Guess the NoSQL crowd ain't got time for that.

While I'm generally sympathetic to your post, there are some things that are
red flags.

>If you have ten services accessing the same database and sharing data between
themselves

Whoever access the database schema owns it. If you have ten systems accessing
your database then ten teams own it. And if ten teams own it then nobody owns
it. Nobody can change it. Seen this at a successful start-up that got big, but
then couldn't rev order management, because every team had their finger in the
pie, we couldn't do a schema update without breaking everyone, and of course
one team was "under tremendous pressure to hit a major milestone and we just
can't do that now" for over a year.

Now I would turn this around into a win for RDBMS by suggesting the use of
functions or stored procedures: with an RDBMS we can construct an API, and
then we can version those APIs. And then the team that owns the database can
do what they like. That said, we can do the same with NoSQL databases by not
allowing other teams to access them. The team that owns the NoSQL database is
required to maintain an API for it.

I've only ever had nightmares with other teams coding against my schema.
GraphQL worries me in that respect and I'd love to hear how people here have
fared with long lasting GraphQL, in the real world.

>Django, for example, makes migrations trivial, as you just change your
application-level classes and the database gets migrated automatically.

I've had automated migration systems grind to a halt and leave the DB fucked
too.

>Priscilla used a graph database when her data was relational. Her husband,
furious, filed for divorce.

There are no schema that are "relational" but not "a graph". However there are
plenty of schema where a graph database is a natural fit but that require
either one-table-per-node-type or building a graph model on top of your RDBMS
(e.g. an Entity-Attribute schema). Oy.

There are also many schema where there is only one entity type, but every join
is against itself, and we're looking to join all the way out to the clique.

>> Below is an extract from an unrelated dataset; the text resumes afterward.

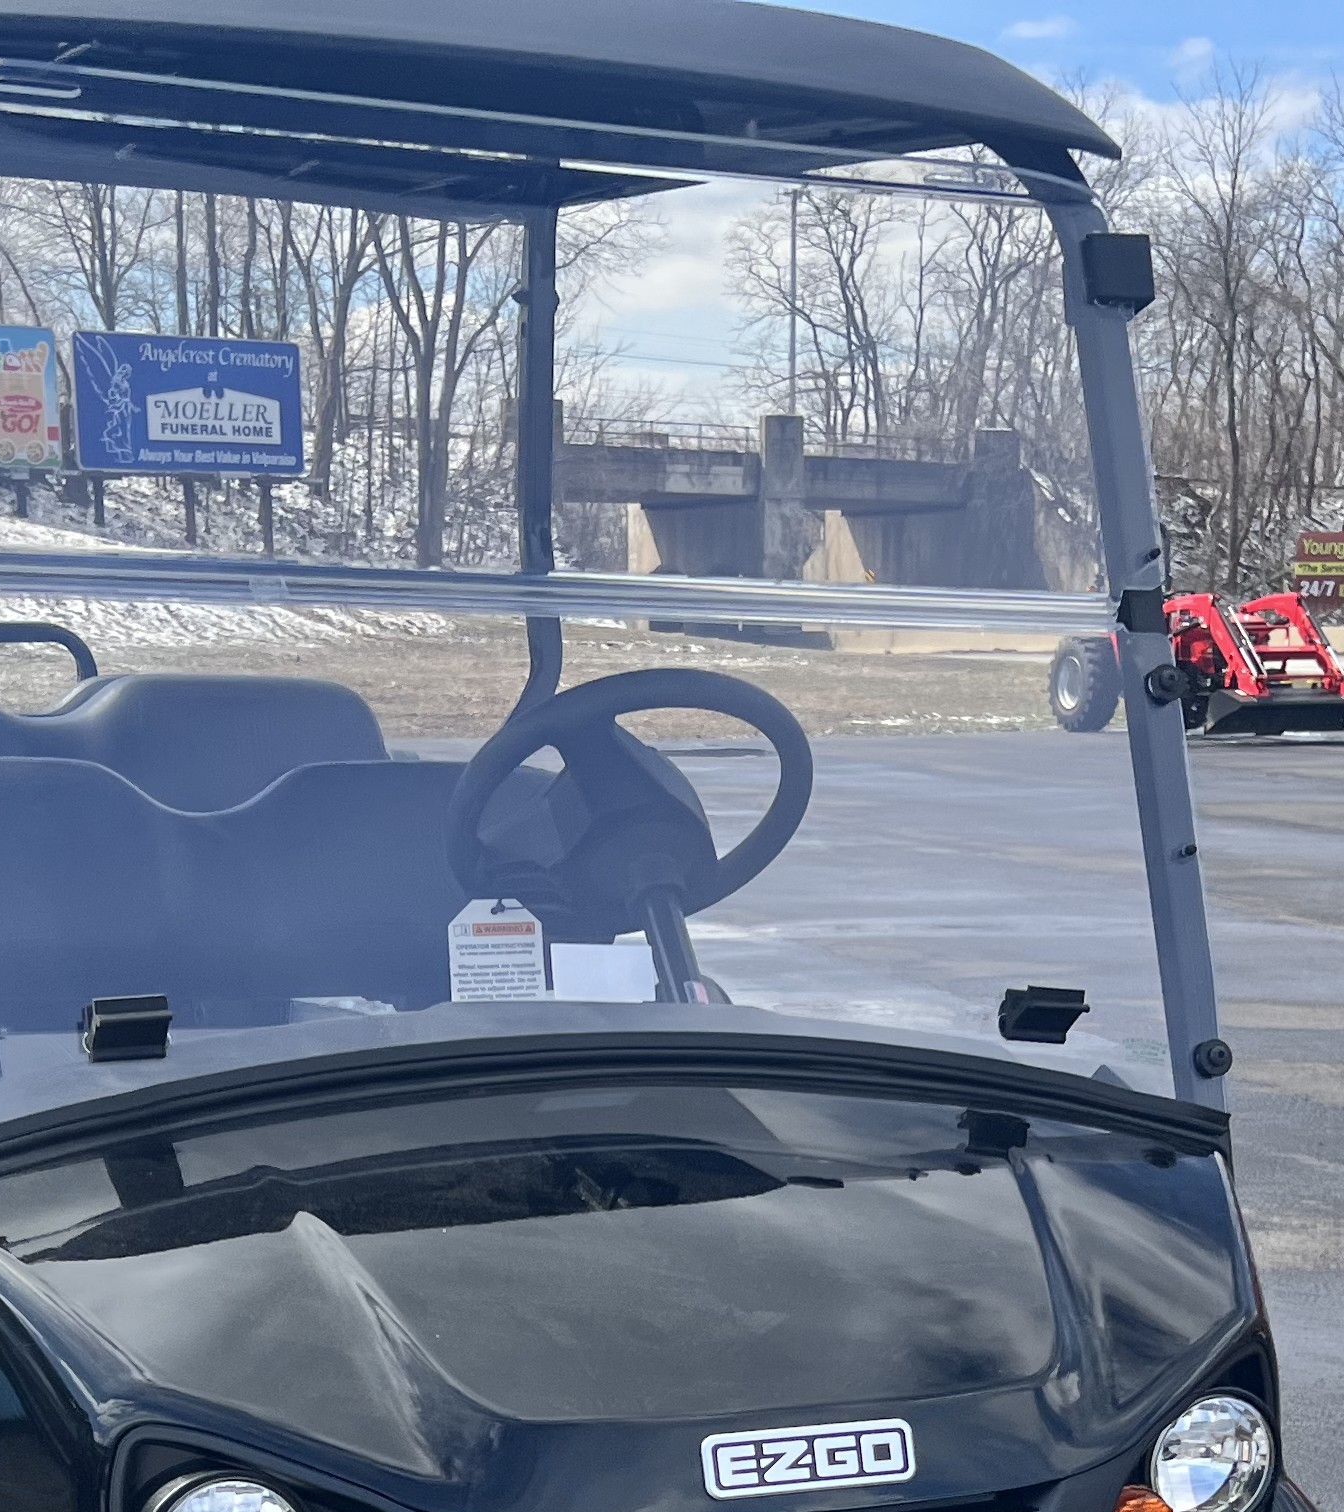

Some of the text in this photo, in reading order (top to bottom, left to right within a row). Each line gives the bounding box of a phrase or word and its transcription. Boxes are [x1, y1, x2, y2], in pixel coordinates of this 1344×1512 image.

In
this case would you suggest an RDBMS, and then put the iteration in the
application? You suggested earlier that making up for the inadequacies of the
datastore in the application is a bad idea.

I've got a graph application that uses NoSQL and it was the right call. An
RDBMS would have allowed us to write something that worked for simple cases,
but that would have brought the system to its knees based on some customer
usage. The solution for the RDBMS would be the same as what we had to do for
NoSQL. But up to that moment, the NoSQL allowed us to iterate far faster than
an RDBMS.

>For example, if you later need to compile a list of all the brands of all the
products on your store, an RDBMS can easily do that by reading the “brands”
table

Only if you built a brands table. You can't argue that we can't predict the
future, so use an RDBS because its easy to change, but then make arguments
that require that the builder accurately predicted the future and built the
schema with that foresight. Sure, we could go and pull a brands table out of
the existing tables but thats work, and it might be work on a live database
that brings it down.

A graph database would be just as likely to have 10 brand nodes since the
overhead of creating the first such node is far lower than creating an entire
table and updating the schema.

>Relational databases excel at easily providing answers to questions that
weren’t predicted at the time when the data model was designed.

Or a NoSQL database with spark. "But spark is something new to learn"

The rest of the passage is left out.